There are two main functions covered in this library:
- **Data Balance Analysis** (Exploratory Data Analysis): covering metrics that help to determine how balanced is your dataset.
- **Data Processing** (Data Enhancements): covering several transformer classes that aim to change or mitigate certain aspects of a dataset.
The goal of this module is to provide a unified interface for different mitigation methods scattered around
multiple machine learning libraries, such as scikit-learn, mlxtend, sdv, among others.


In this library, we take a **targeted approach to mitigating errors** in Machine Learning models. This is complementary and different from the traditional blanket approaches which aim at maximizing a single-score performance number, such as overall accuracy, by merely increasing the size of traning data or model architecture.
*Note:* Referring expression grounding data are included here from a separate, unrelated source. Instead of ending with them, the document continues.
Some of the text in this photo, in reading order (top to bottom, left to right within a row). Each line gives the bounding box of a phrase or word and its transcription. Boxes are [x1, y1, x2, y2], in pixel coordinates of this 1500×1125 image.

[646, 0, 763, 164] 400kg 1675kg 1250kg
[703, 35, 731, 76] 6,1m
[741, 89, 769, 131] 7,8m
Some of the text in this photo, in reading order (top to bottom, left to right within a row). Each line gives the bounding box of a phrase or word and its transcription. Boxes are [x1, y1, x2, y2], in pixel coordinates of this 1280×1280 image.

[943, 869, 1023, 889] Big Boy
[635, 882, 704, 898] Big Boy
Since blanket approaches are often costly but also ineffective for improving the model in areas of poorest performance, with targeted approaches to model improvement we focus the improvement efforts in areas previously identified to have more errors and their underlying diagnoses of error. For example, if a practitioner has identified that the model is underperforming for a cohort of interest by using Error Analysis in the Responsible AI Dashboard, they may also continue the debugging process by finding out through Data Balance Analysis and find out that there is class imbalance for this particular cohort. To mitigate the issue, they then focus on improving class imbalance for the cohort of interest by using the Responsible AI Mitigations library. This and several other examples in the documentation of each mitigation function illustrate how targeted approaches may help practitioner best at mitigation giving them more control in the model improvement process.


## Installation

Use the following pip command to install the Responsible AI Toolbox. Make sure you are using Python 3.7, 3.8, or 3.9.
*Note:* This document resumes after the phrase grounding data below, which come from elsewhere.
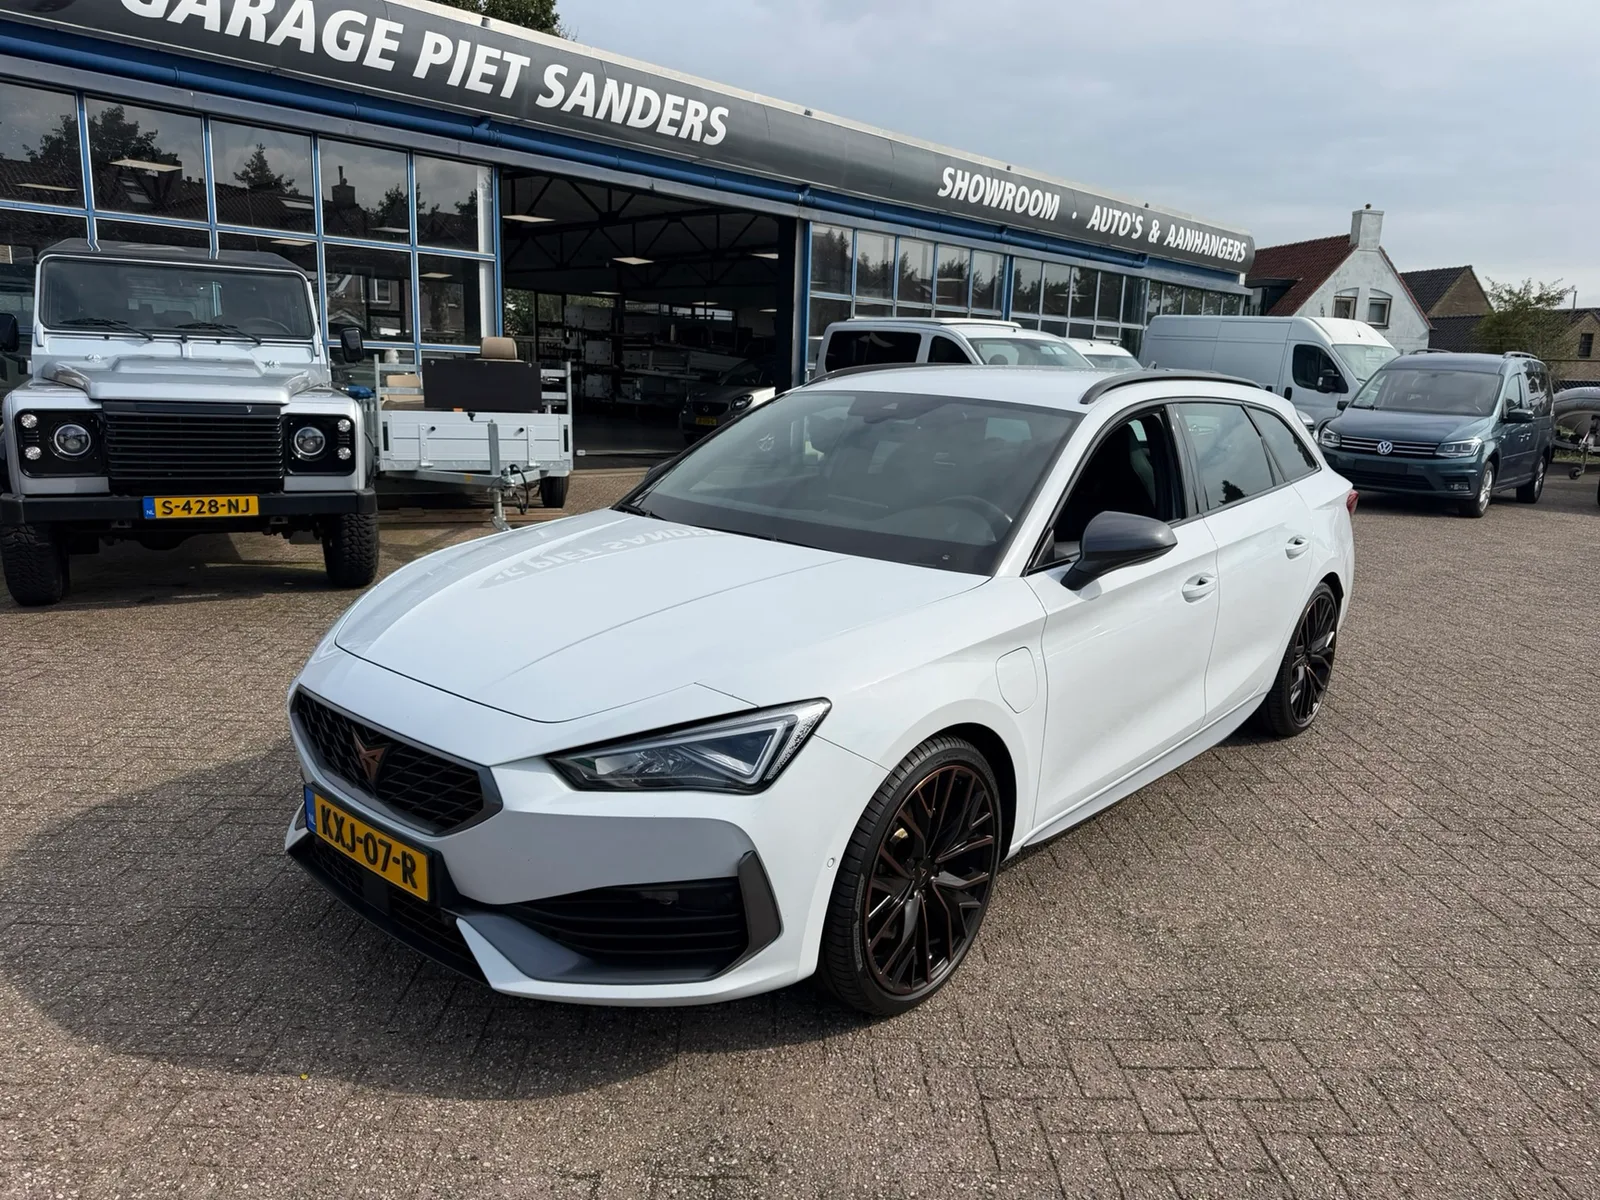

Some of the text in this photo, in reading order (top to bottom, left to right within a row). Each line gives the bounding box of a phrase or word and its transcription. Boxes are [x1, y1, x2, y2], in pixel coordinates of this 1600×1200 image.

[412, 30, 531, 99] PIET
[535, 64, 730, 146] SANDERS
[937, 167, 1247, 263] SHOWROOM AUTO'S & AANHANGERS
[161, 498, 250, 515] S-428-NJ
[320, 804, 418, 889] KXJ-07-R
If running in jupyter, please make sure to restart the jupyter kernel after installing.

```
pip install raimitigations
```
## Documentation

To learn more about the supported dataset measurements and mitigation techniques covered in the **raimitigations** package, [please check out this documentation.](https://responsible-ai-toolbox-mitigations.readthedocs.io/en/latest/)
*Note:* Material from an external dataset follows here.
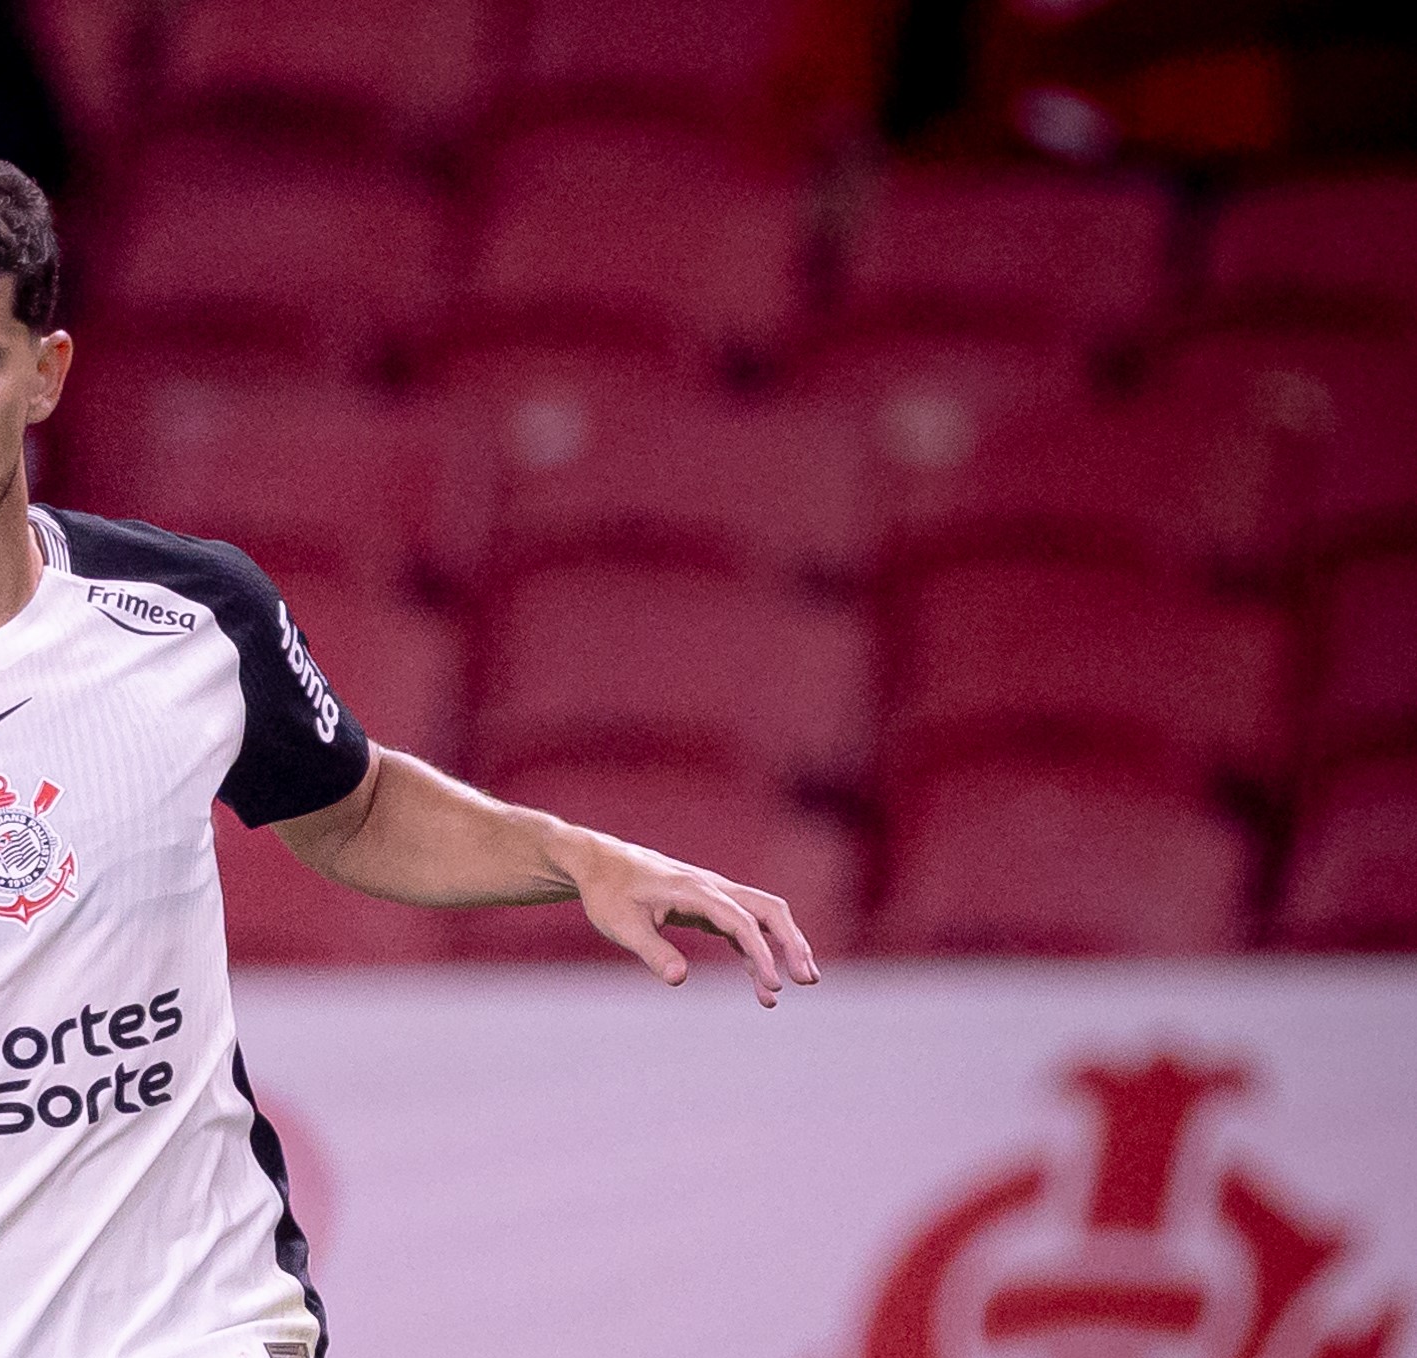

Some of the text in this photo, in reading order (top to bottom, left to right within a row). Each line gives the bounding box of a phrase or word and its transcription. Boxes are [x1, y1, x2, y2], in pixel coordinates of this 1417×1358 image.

[86, 585, 197, 632] Frimesa
[27, 819, 50, 869] PAULISTA
[7, 875, 33, 888] 1910
## Data Balance Analysis: Examples

- [Data Balance Analysis Walk Through](notebooks/databalanceanalysis/data_balance_overall.ipynb)
- [Data Balance Analysis Adult Census Example](notebooks/databalanceanalysis/data_balance_census.ipynb)
- [End to End Notebook](notebooks/data_balance_e2e.ipynb)

## Data Processing/Mitigations: Examples

Here is a set of tutorial notebooks that aim to explain how to use each one of the mitigation
methods offered in the **dataprocessing** module.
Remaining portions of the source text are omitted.